(WHAT IS EXPECTED) From the first entry to the last, repeat them all exactly.

== Segment start ==

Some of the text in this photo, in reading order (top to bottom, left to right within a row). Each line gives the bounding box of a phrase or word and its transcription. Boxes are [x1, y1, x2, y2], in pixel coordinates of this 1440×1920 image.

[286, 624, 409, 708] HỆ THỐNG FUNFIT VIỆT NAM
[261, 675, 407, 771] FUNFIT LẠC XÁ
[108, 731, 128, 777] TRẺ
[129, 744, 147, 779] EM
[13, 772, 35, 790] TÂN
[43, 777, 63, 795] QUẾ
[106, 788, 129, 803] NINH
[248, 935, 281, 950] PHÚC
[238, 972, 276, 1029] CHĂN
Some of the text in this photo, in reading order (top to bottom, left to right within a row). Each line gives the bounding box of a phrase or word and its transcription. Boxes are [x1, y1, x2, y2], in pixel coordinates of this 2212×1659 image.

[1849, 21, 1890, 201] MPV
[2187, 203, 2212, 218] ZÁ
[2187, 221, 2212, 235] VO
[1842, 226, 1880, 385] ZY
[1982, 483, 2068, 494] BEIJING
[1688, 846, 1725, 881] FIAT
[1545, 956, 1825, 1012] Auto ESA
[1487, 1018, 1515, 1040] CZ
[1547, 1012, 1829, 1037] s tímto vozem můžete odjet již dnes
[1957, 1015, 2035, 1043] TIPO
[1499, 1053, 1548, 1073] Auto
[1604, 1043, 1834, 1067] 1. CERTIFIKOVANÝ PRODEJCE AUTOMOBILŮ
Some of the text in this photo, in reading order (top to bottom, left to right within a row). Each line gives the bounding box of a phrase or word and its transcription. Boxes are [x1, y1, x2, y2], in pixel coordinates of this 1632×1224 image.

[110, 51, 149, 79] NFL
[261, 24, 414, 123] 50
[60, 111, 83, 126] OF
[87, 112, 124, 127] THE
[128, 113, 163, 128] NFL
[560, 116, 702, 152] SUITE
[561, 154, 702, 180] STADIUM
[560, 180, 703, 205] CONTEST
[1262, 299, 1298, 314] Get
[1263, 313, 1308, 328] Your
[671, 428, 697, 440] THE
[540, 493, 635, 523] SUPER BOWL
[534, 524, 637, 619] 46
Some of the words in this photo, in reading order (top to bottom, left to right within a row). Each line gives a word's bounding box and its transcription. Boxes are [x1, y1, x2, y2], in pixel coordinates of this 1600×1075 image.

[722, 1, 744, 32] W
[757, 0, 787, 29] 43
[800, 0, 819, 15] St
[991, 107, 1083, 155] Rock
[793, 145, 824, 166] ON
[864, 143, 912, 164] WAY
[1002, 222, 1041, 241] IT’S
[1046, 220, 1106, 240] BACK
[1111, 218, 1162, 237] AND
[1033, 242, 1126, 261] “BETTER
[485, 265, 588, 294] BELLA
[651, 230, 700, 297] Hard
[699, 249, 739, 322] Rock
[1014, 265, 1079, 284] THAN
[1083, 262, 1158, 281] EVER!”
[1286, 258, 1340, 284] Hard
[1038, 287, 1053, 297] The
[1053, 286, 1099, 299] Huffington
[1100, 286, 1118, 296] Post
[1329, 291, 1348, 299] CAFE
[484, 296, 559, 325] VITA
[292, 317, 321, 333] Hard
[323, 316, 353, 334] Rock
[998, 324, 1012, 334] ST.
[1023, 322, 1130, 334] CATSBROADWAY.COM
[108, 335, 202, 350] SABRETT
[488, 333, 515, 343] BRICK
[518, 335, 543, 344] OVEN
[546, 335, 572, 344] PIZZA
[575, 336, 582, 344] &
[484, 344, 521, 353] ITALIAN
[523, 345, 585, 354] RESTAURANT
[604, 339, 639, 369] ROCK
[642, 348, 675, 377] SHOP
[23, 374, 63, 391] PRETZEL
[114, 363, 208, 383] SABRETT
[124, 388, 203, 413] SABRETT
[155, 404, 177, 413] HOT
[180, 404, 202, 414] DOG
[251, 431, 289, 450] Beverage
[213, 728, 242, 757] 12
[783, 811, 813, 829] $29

== Segment end ==

(YOUR RESPONSE)
Some of the text in this photo, in reading order (top to bottom, left to right within a row). Each line gives the bounding box of a phrase or word and its transcription. Boxes are [x1, y1, x2, y2], in pixel coordinates of this 1440×1920 image.

[286, 624, 409, 708] HỆ THỐNG FUNFIT VIỆT NAM
[261, 675, 407, 771] FUNFIT LẠC XÁ
[108, 731, 128, 777] TRẺ
[129, 744, 147, 779] EM
[13, 772, 35, 790] TÂN
[43, 777, 63, 795] QUẾ
[106, 788, 129, 803] NINH
[248, 935, 281, 950] PHÚC
[238, 972, 276, 1029] CHĂN
Some of the text in this photo, in reading order (top to bottom, left to right within a row). Each line gives the bounding box of a phrase or word and its transcription. Boxes are [x1, y1, x2, y2], in pixel coordinates of this 2212×1659 image.

[1849, 21, 1890, 201] MPV
[2187, 203, 2212, 218] ZÁ
[2187, 221, 2212, 235] VO
[1842, 226, 1880, 385] ZY
[1982, 483, 2068, 494] BEIJING
[1688, 846, 1725, 881] FIAT
[1545, 956, 1825, 1012] Auto ESA
[1487, 1018, 1515, 1040] CZ
[1547, 1012, 1829, 1037] s tímto vozem můžete odjet již dnes
[1957, 1015, 2035, 1043] TIPO
[1499, 1053, 1548, 1073] Auto
[1604, 1043, 1834, 1067] 1. CERTIFIKOVANÝ PRODEJCE AUTOMOBILŮ
Some of the text in this photo, in reading order (top to bottom, left to right within a row). Each line gives the bounding box of a phrase or word and its transcription. Boxes are [x1, y1, x2, y2], in pixel coordinates of this 1632×1224 image.

[110, 51, 149, 79] NFL
[261, 24, 414, 123] 50
[60, 111, 83, 126] OF
[87, 112, 124, 127] THE
[128, 113, 163, 128] NFL
[560, 116, 702, 152] SUITE
[561, 154, 702, 180] STADIUM
[560, 180, 703, 205] CONTEST
[1262, 299, 1298, 314] Get
[1263, 313, 1308, 328] Your
[671, 428, 697, 440] THE
[540, 493, 635, 523] SUPER BOWL
[534, 524, 637, 619] 46
Some of the words in this photo, in reading order (top to bottom, left to right within a row). Each line gives a word's bounding box and its transcription. Boxes are [x1, y1, x2, y2], in pixel coordinates of this 1600×1075 image.

[722, 1, 744, 32] W
[757, 0, 787, 29] 43
[800, 0, 819, 15] St
[991, 107, 1083, 155] Rock
[793, 145, 824, 166] ON
[864, 143, 912, 164] WAY
[1002, 222, 1041, 241] IT’S
[1046, 220, 1106, 240] BACK
[1111, 218, 1162, 237] AND
[1033, 242, 1126, 261] “BETTER
[485, 265, 588, 294] BELLA
[651, 230, 700, 297] Hard
[699, 249, 739, 322] Rock
[1014, 265, 1079, 284] THAN
[1083, 262, 1158, 281] EVER!”
[1286, 258, 1340, 284] Hard
[1038, 287, 1053, 297] The
[1053, 286, 1099, 299] Huffington
[1100, 286, 1118, 296] Post
[1329, 291, 1348, 299] CAFE
[484, 296, 559, 325] VITA
[292, 317, 321, 333] Hard
[323, 316, 353, 334] Rock
[998, 324, 1012, 334] ST.
[1023, 322, 1130, 334] CATSBROADWAY.COM
[108, 335, 202, 350] SABRETT
[488, 333, 515, 343] BRICK
[518, 335, 543, 344] OVEN
[546, 335, 572, 344] PIZZA
[575, 336, 582, 344] &
[484, 344, 521, 353] ITALIAN
[523, 345, 585, 354] RESTAURANT
[604, 339, 639, 369] ROCK
[642, 348, 675, 377] SHOP
[23, 374, 63, 391] PRETZEL
[114, 363, 208, 383] SABRETT
[124, 388, 203, 413] SABRETT
[155, 404, 177, 413] HOT
[180, 404, 202, 414] DOG
[251, 431, 289, 450] Beverage
[213, 728, 242, 757] 12
[783, 811, 813, 829] $29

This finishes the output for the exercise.